Thanks for the post Brad. I'm guessing I know the bike concerned. I haven't had the heart to tell you that the new unit stop working almost straight away. I'll pull it out and give it a look over as described.
well, well, well. I pulled the sensor and just like the first one, no hole. The drain hole in the moulding had just never been opened up. I've opened it up (I went large with a 2.5 mm drill)and now I'm getting a light. Pretty poor quality control.
Thank you for the post. I've got 2 units: [1] the light never turned on and the other one [2] the light never turned off. After finding your post I went on to try and fixit them. First one went ok but couldn't make it work. As I was trying to remove the cap of the second I guess I didn't remove the soldering completely so the whole center needle/pin came off. At that point I said f*** it lets see what's inside: https://imgur.com/a/ndLKz7L
It looks like there is an normally open/close magnetic switch (my guess is 'open') inside the needle, and the floater has a magnet on one of its ends (probably top). the wiring inside the needle is insulated, so the soldering on the top connects the switch to the actual pin.
I'm still trying to resurrect one of the sensor, might use the switch from the one I destroyed.

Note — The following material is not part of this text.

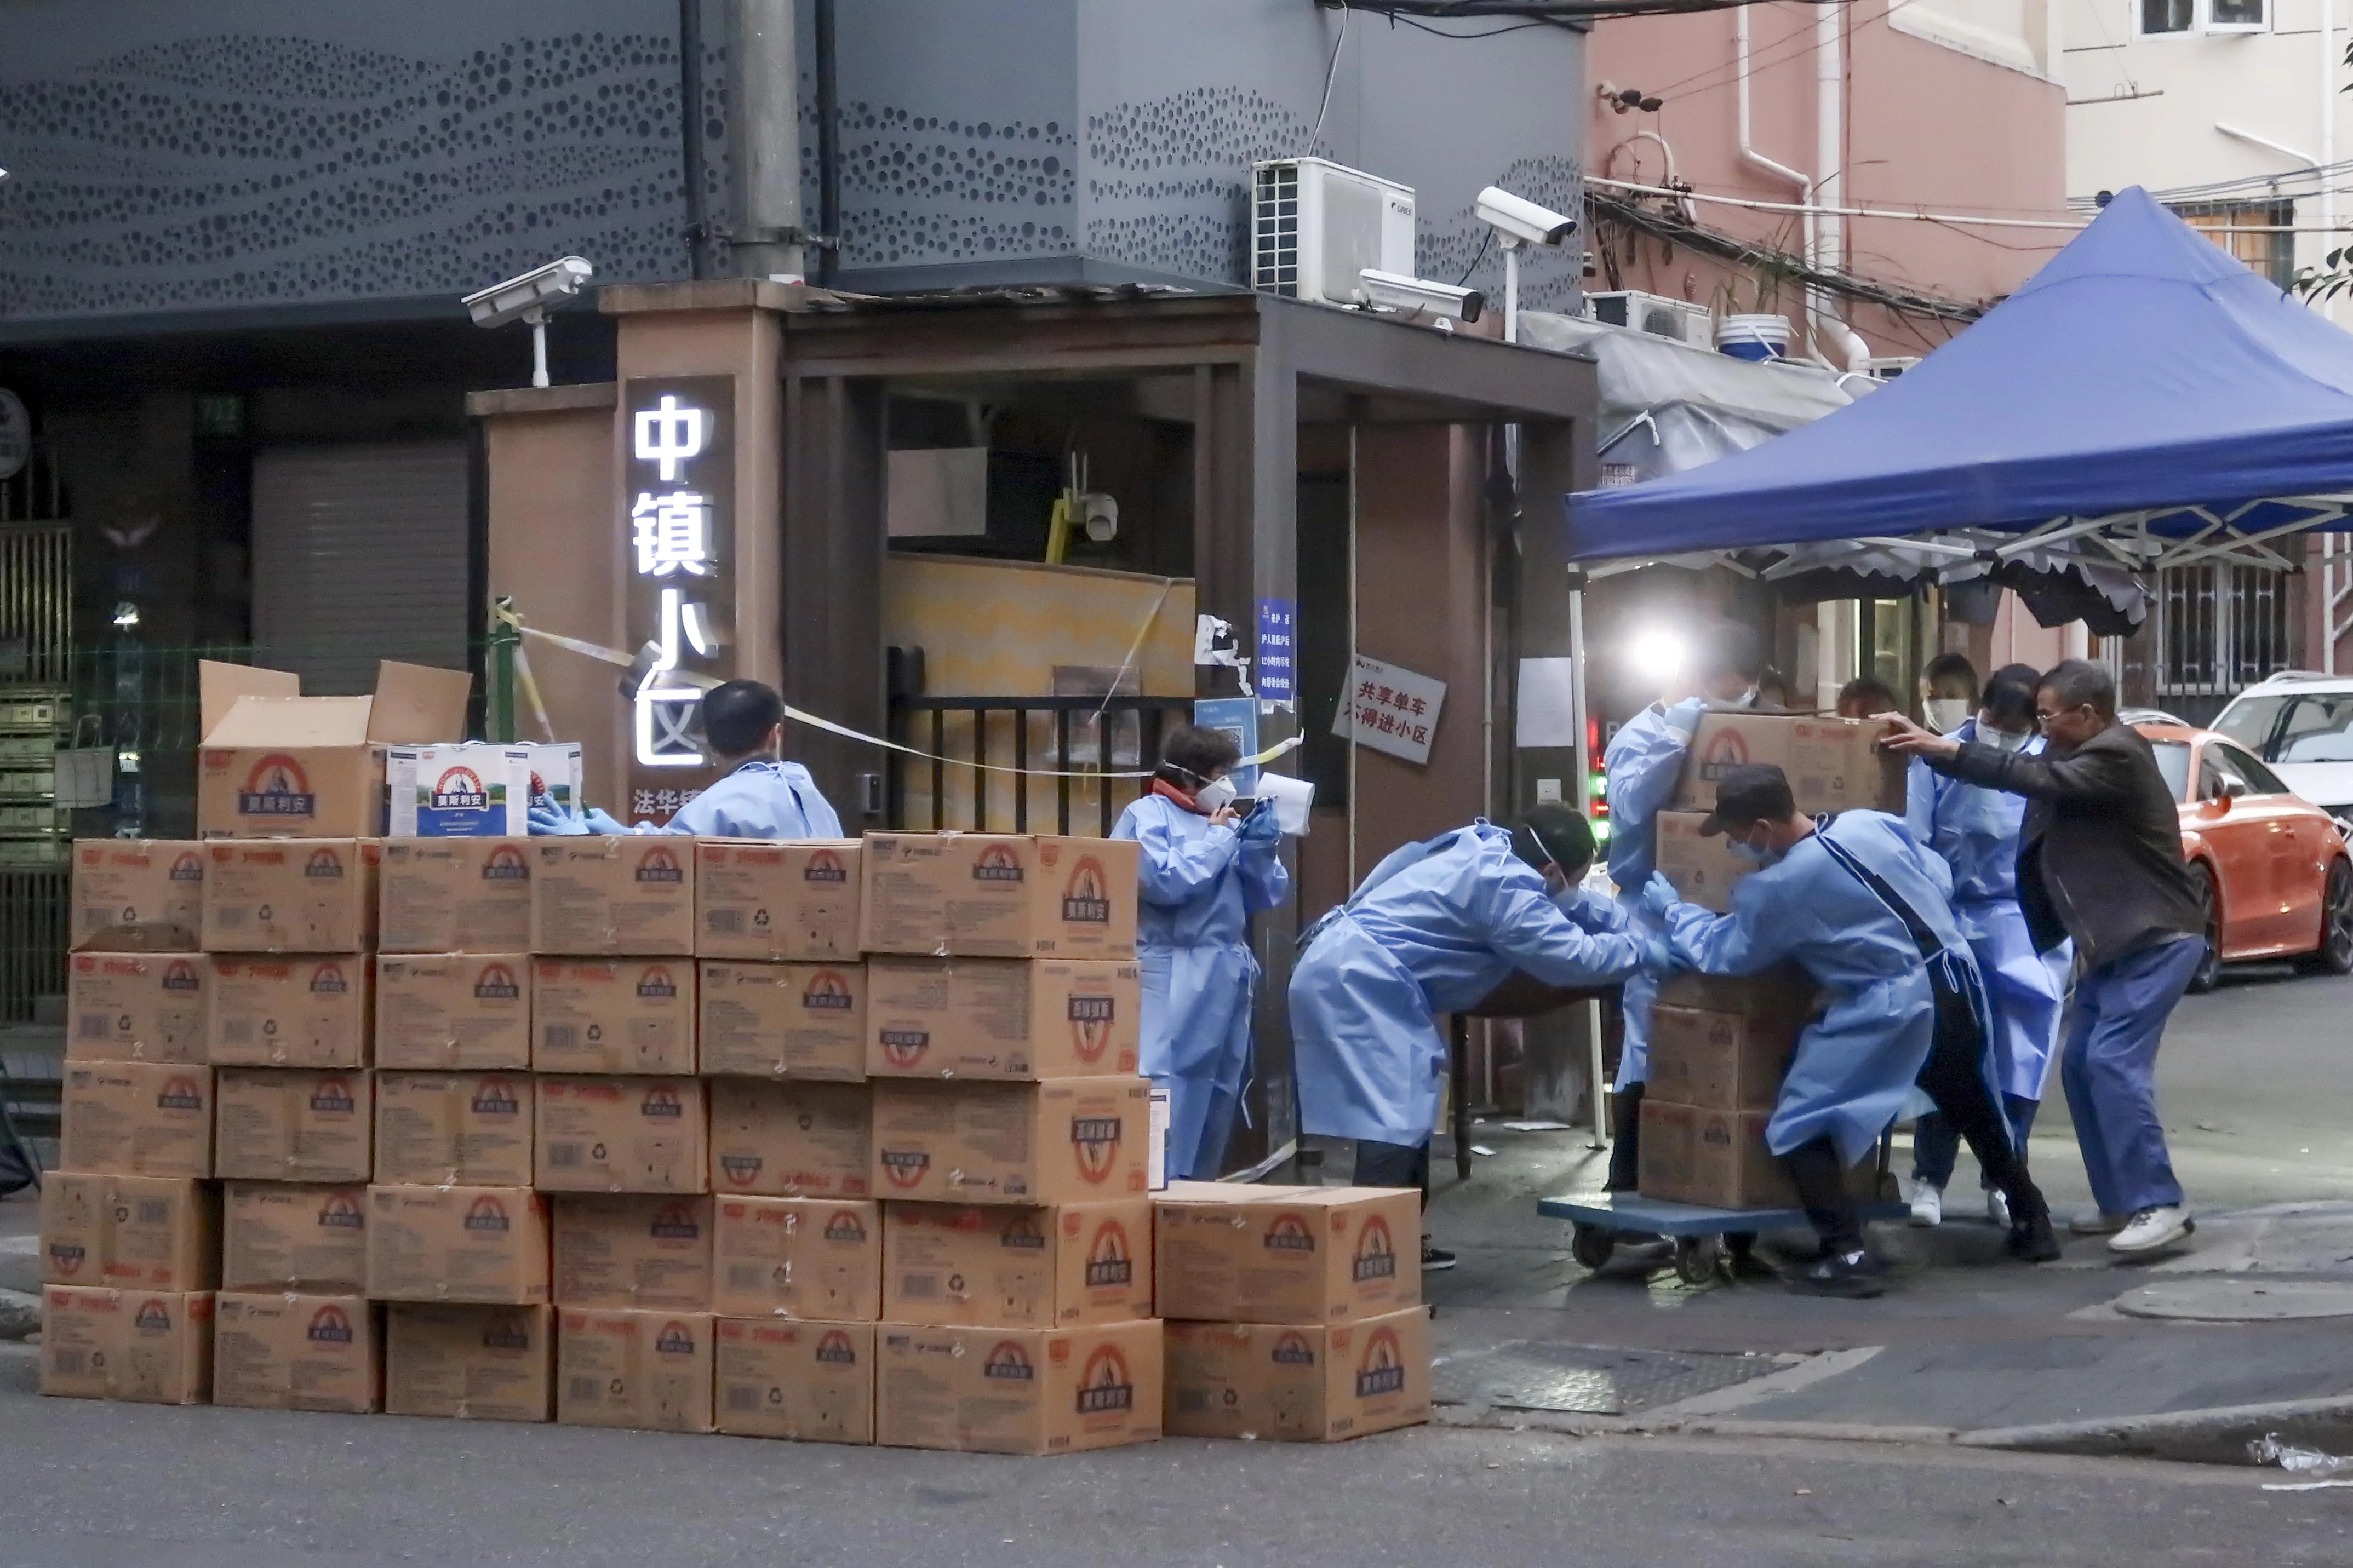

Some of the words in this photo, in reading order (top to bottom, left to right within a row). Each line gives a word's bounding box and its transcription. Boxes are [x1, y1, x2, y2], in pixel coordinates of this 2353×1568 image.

[632, 394, 706, 765] 中镇小区
[1358, 681, 1427, 717] 共享单车

Thanks for your post. My 916 1998 has never worked or its been so long since 2006 when I bought it that i have forgotten. now the tank is leaking, I have taken it apart. I am going to give it a go as you say the cost of a new one is a little naughty. The price is so high.
Regards Vinnychoff 54,000 miles on my 916
Old post, but still thank yor for your excellent repair tip. My 900 SS has the same issue, end just opened the fuel sender and found out that the float inside the sender sinks like a rock! Now i just have to figure out how to dry it completely and/or treat it with some sealant etc...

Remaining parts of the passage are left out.